■ YOUR OBJECTIVE
Print the whole listing exactly as it appears, but skip the pictures.
####################
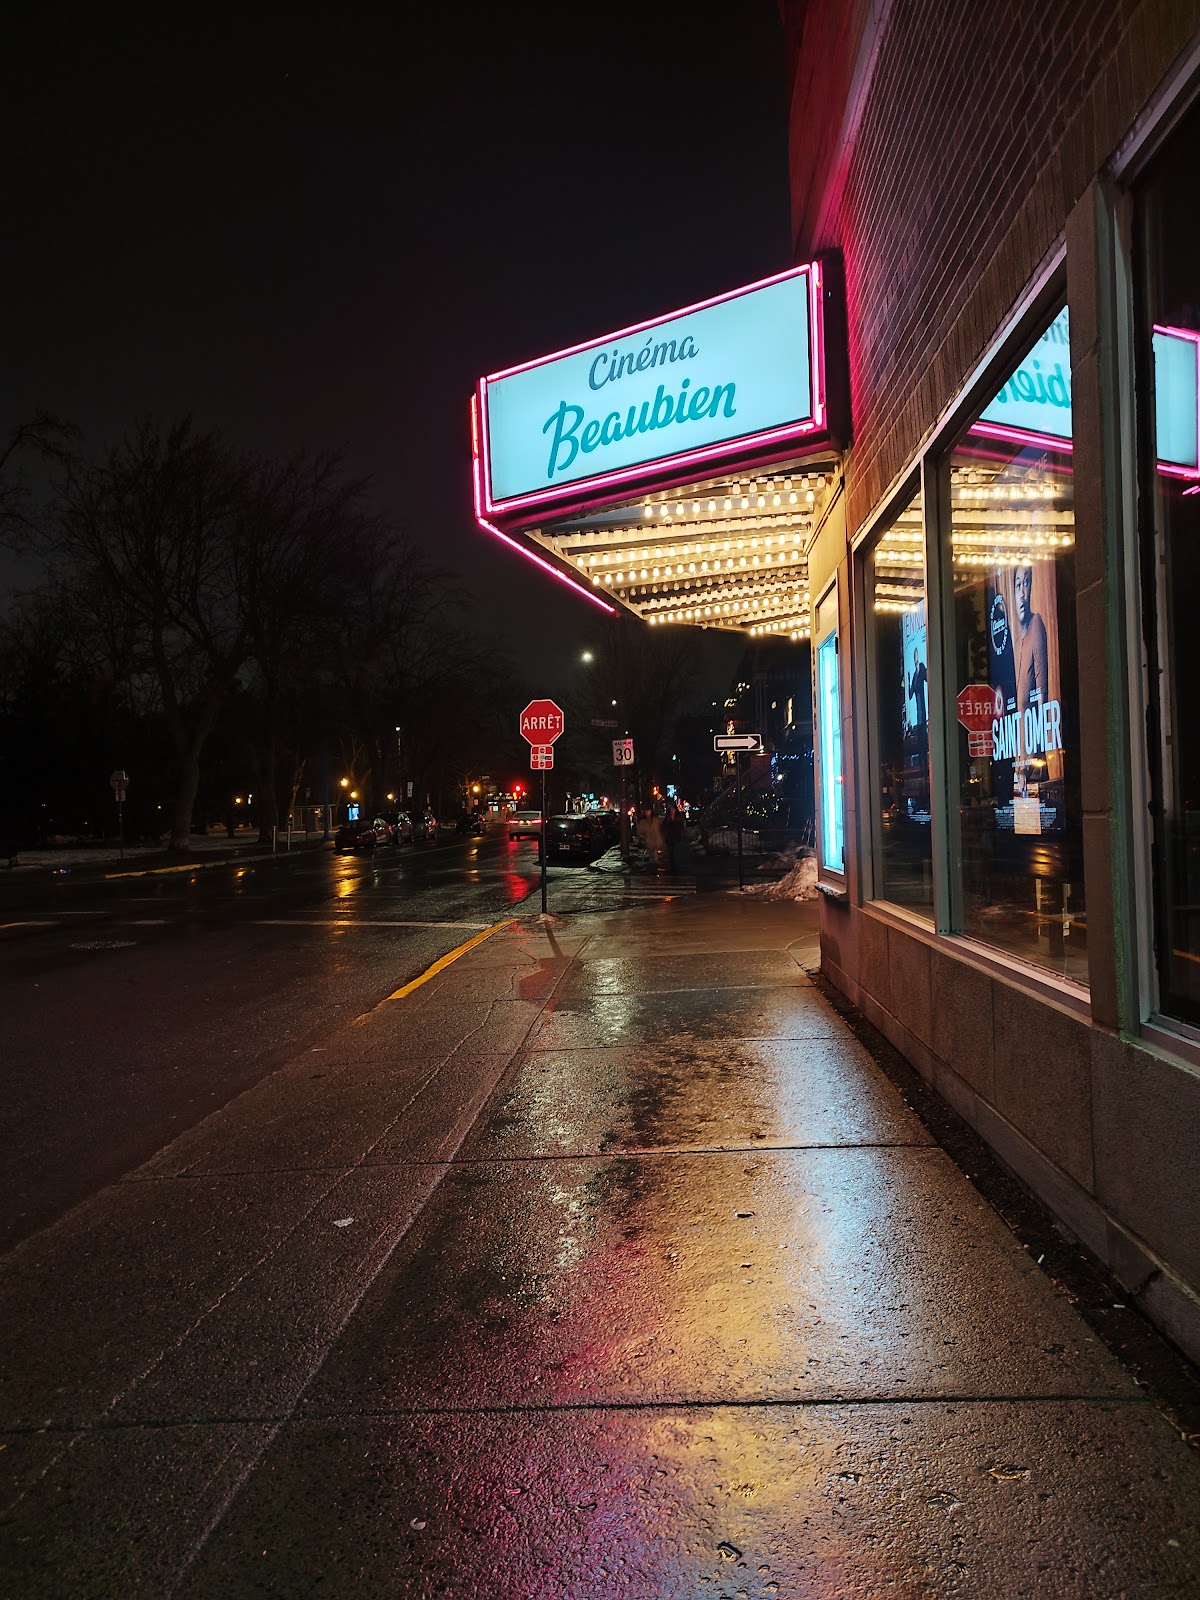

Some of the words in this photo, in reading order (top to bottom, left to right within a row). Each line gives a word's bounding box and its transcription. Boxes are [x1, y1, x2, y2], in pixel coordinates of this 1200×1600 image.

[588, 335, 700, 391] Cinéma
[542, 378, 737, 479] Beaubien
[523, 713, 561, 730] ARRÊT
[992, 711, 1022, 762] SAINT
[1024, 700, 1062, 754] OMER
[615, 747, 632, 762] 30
####################
■ SOLUTION TO THE PROBLEM
Some of the words in this photo, in reading order (top to bottom, left to right within a row). Each line gives a word's bounding box and its transcription. Boxes are [x1, y1, x2, y2], in pixel coordinates of this 1200×1600 image.

[588, 335, 700, 391] Cinéma
[542, 378, 737, 479] Beaubien
[523, 713, 561, 730] ARRÊT
[992, 711, 1022, 762] SAINT
[1024, 700, 1062, 754] OMER
[615, 747, 632, 762] 30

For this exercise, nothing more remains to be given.